### [What you are asked to do]
The entries below are to be written out exactly, with no images included.

### [Provided information]
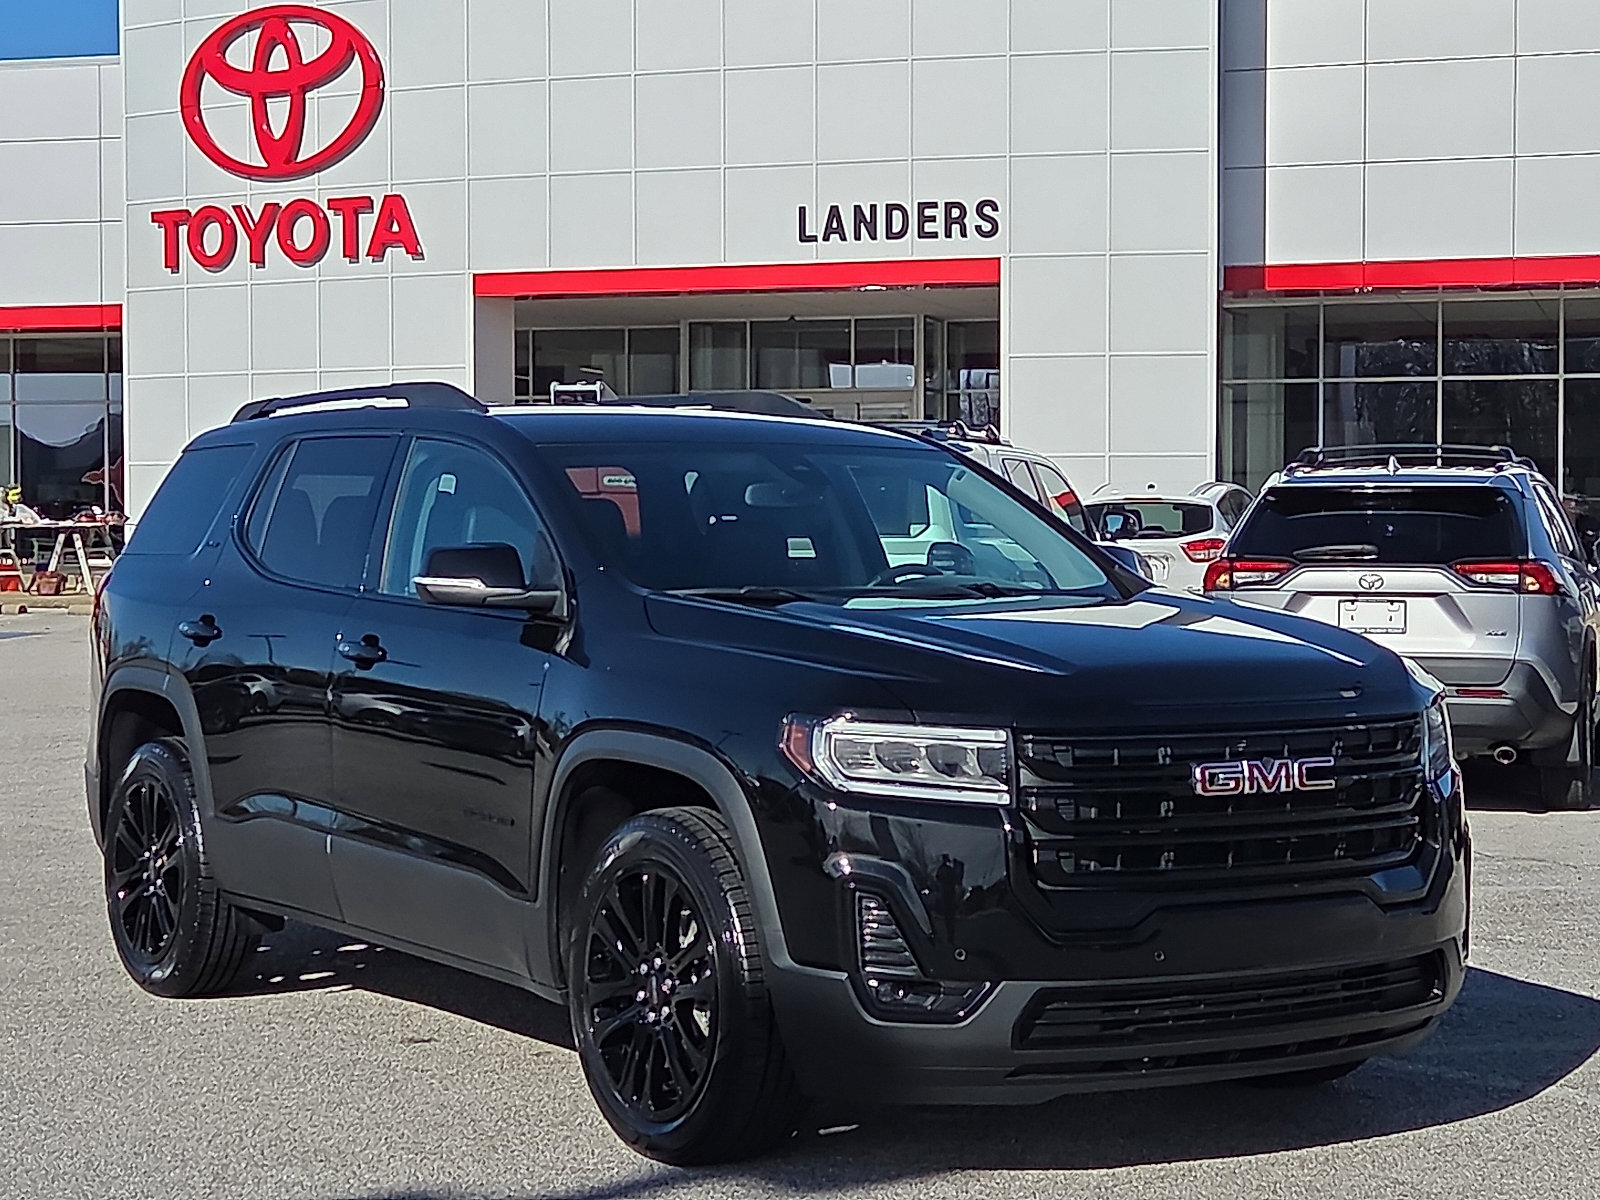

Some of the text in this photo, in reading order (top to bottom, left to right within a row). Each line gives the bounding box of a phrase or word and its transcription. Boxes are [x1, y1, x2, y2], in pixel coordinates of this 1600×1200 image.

[151, 194, 424, 273] TOYOTA
[799, 199, 999, 243] LANDERS
[1194, 757, 1336, 796] GMC
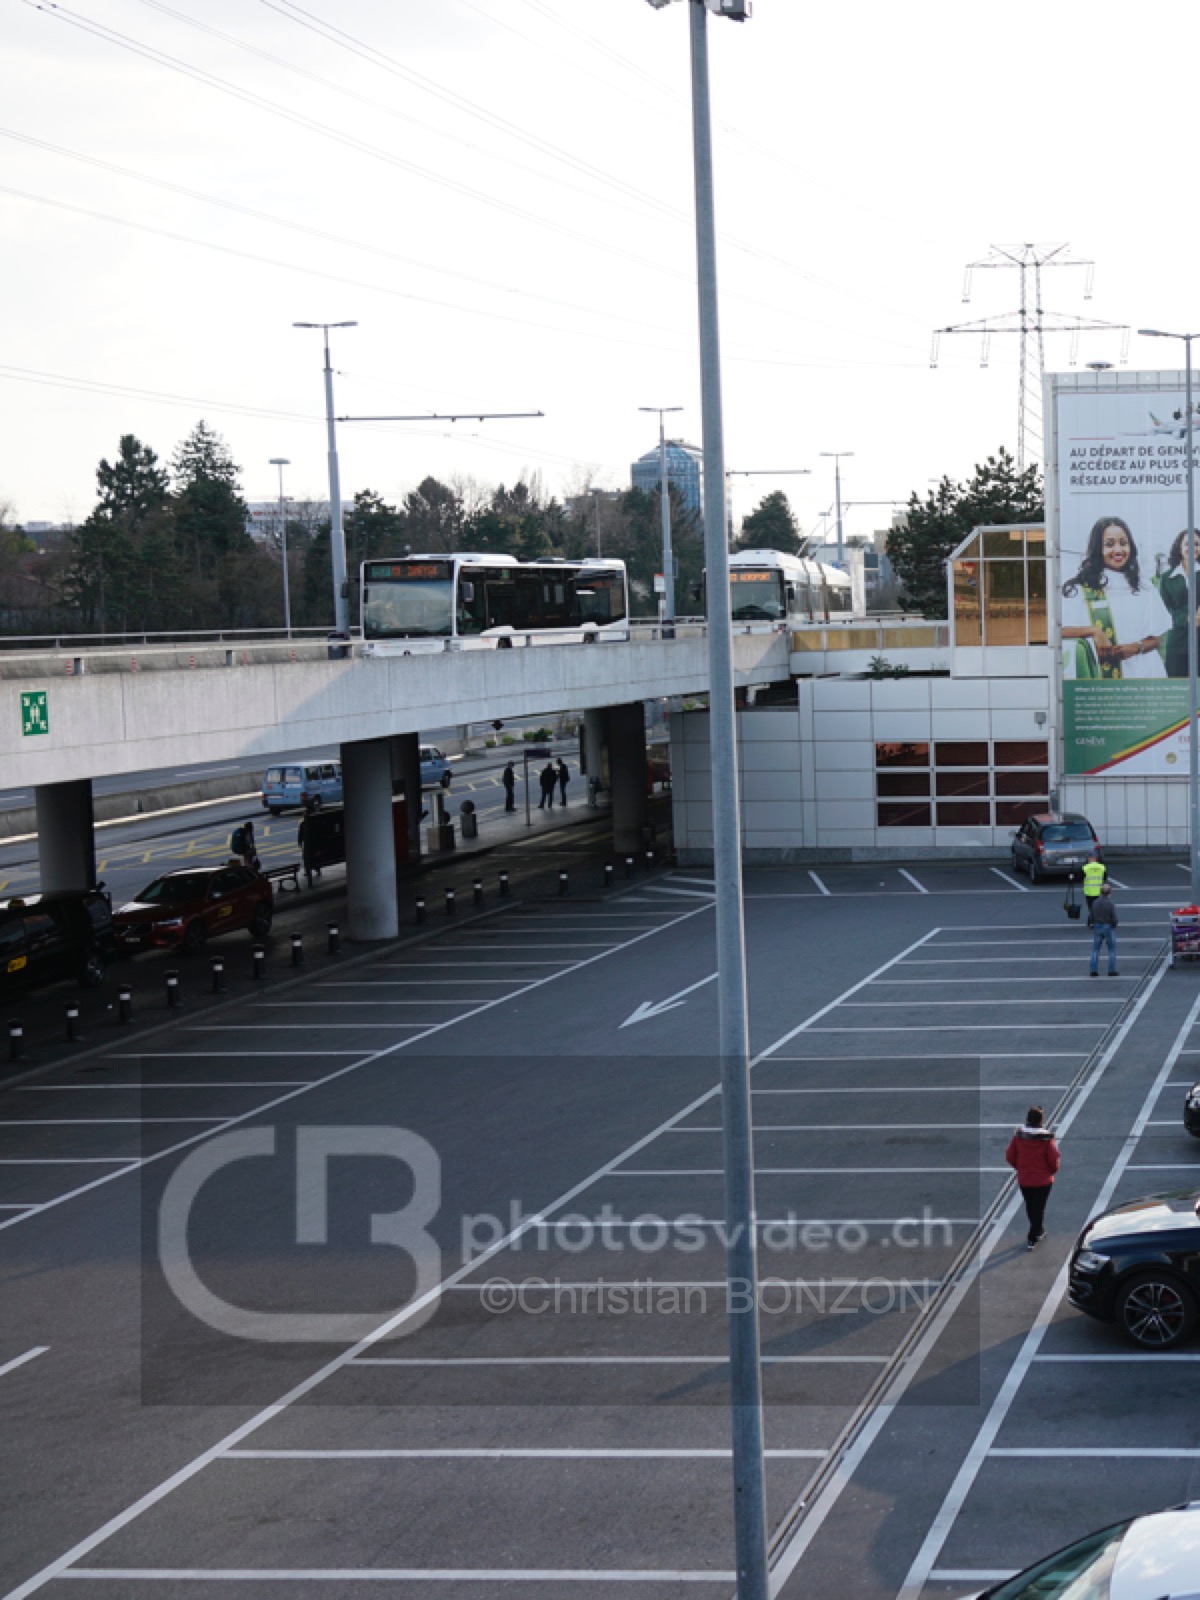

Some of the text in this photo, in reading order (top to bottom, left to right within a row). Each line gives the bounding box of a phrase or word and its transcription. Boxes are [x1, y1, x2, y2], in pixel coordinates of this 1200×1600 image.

[1070, 448, 1087, 457] AU
[1089, 443, 1136, 457] DÉPART
[1138, 446, 1155, 457] DE
[1069, 457, 1127, 471] ACCÉDEZ
[1129, 460, 1147, 470] AU
[1149, 459, 1179, 470] PLUS
[1069, 472, 1117, 486] RÉSEAU
[1119, 473, 1183, 487] D'AFRIQUE
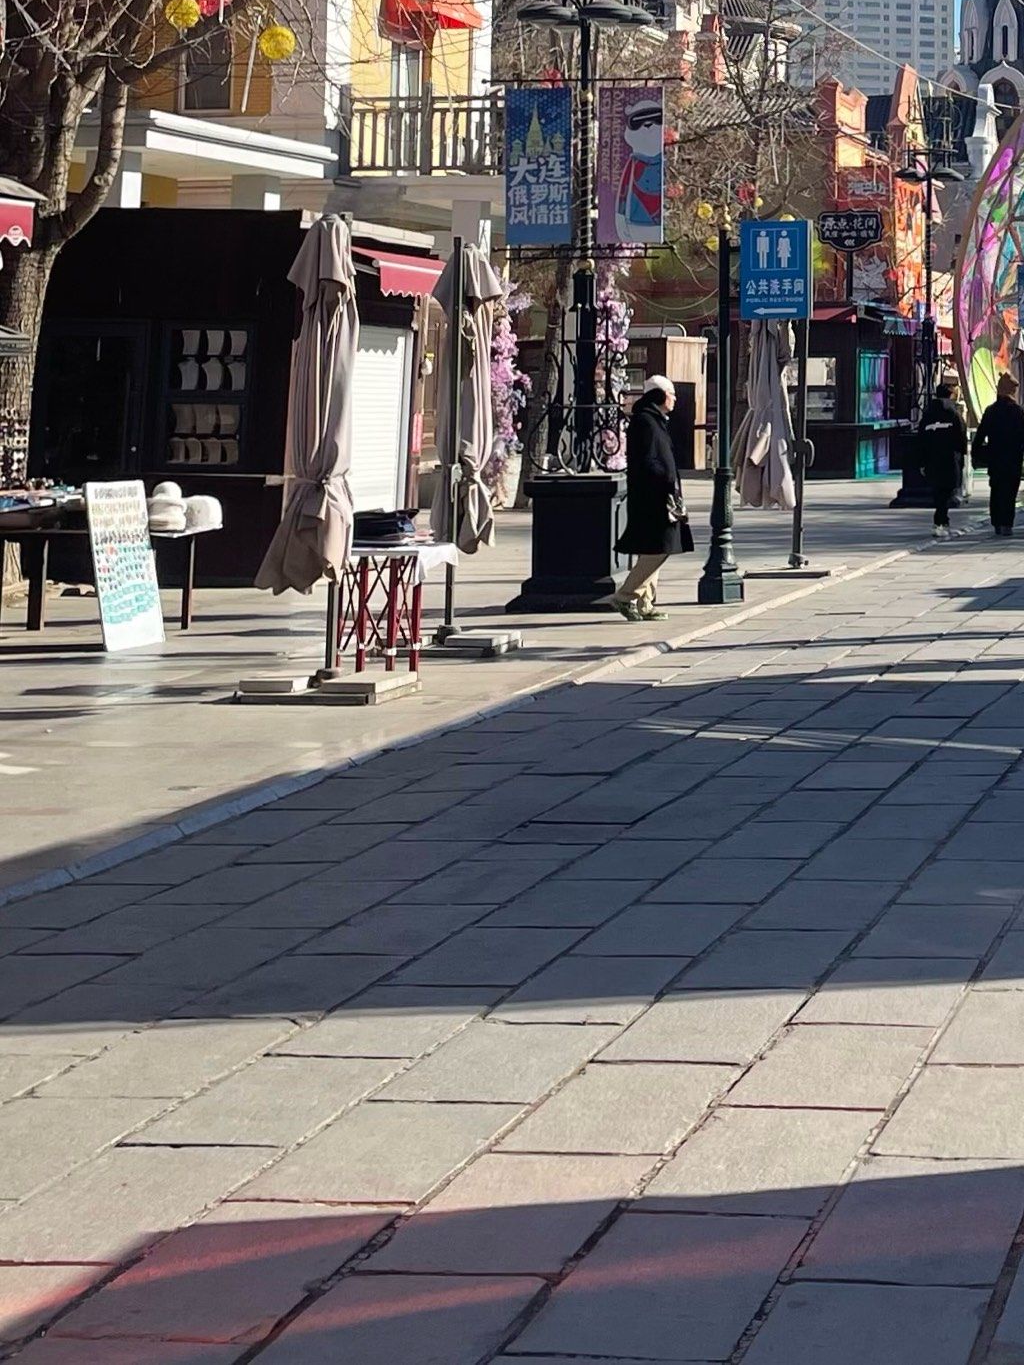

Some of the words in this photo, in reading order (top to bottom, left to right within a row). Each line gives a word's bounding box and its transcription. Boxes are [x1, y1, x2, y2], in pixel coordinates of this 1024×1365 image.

[509, 155, 569, 186] 大连
[508, 184, 569, 205] 俄罗斯
[509, 204, 569, 225] 风情街
[745, 278, 805, 295] 公共洗手间

### [Problem solution]
Some of the text in this photo, in reading order (top to bottom, left to right within a row). Each line gives the bounding box of a phrase or word and its transcription. Boxes are [x1, y1, x2, y2], in pixel coordinates of this 1600×1200 image.

[151, 194, 424, 273] TOYOTA
[799, 199, 999, 243] LANDERS
[1194, 757, 1336, 796] GMC

Some of the text in this photo, in reading order (top to bottom, left to right within a row). Each line gives the bounding box of a phrase or word and its transcription. Boxes are [x1, y1, x2, y2], in pixel coordinates of this 1200×1600 image.

[1070, 448, 1087, 457] AU
[1089, 443, 1136, 457] DÉPART
[1138, 446, 1155, 457] DE
[1069, 457, 1127, 471] ACCÉDEZ
[1129, 460, 1147, 470] AU
[1149, 459, 1179, 470] PLUS
[1069, 472, 1117, 486] RÉSEAU
[1119, 473, 1183, 487] D'AFRIQUE

Some of the words in this photo, in reading order (top to bottom, left to right within a row). Each line gives a word's bounding box and its transcription. Boxes are [x1, y1, x2, y2], in pixel coordinates of this 1024×1365 image.

[509, 155, 569, 186] 大连
[508, 184, 569, 205] 俄罗斯
[509, 204, 569, 225] 风情街
[745, 278, 805, 295] 公共洗手间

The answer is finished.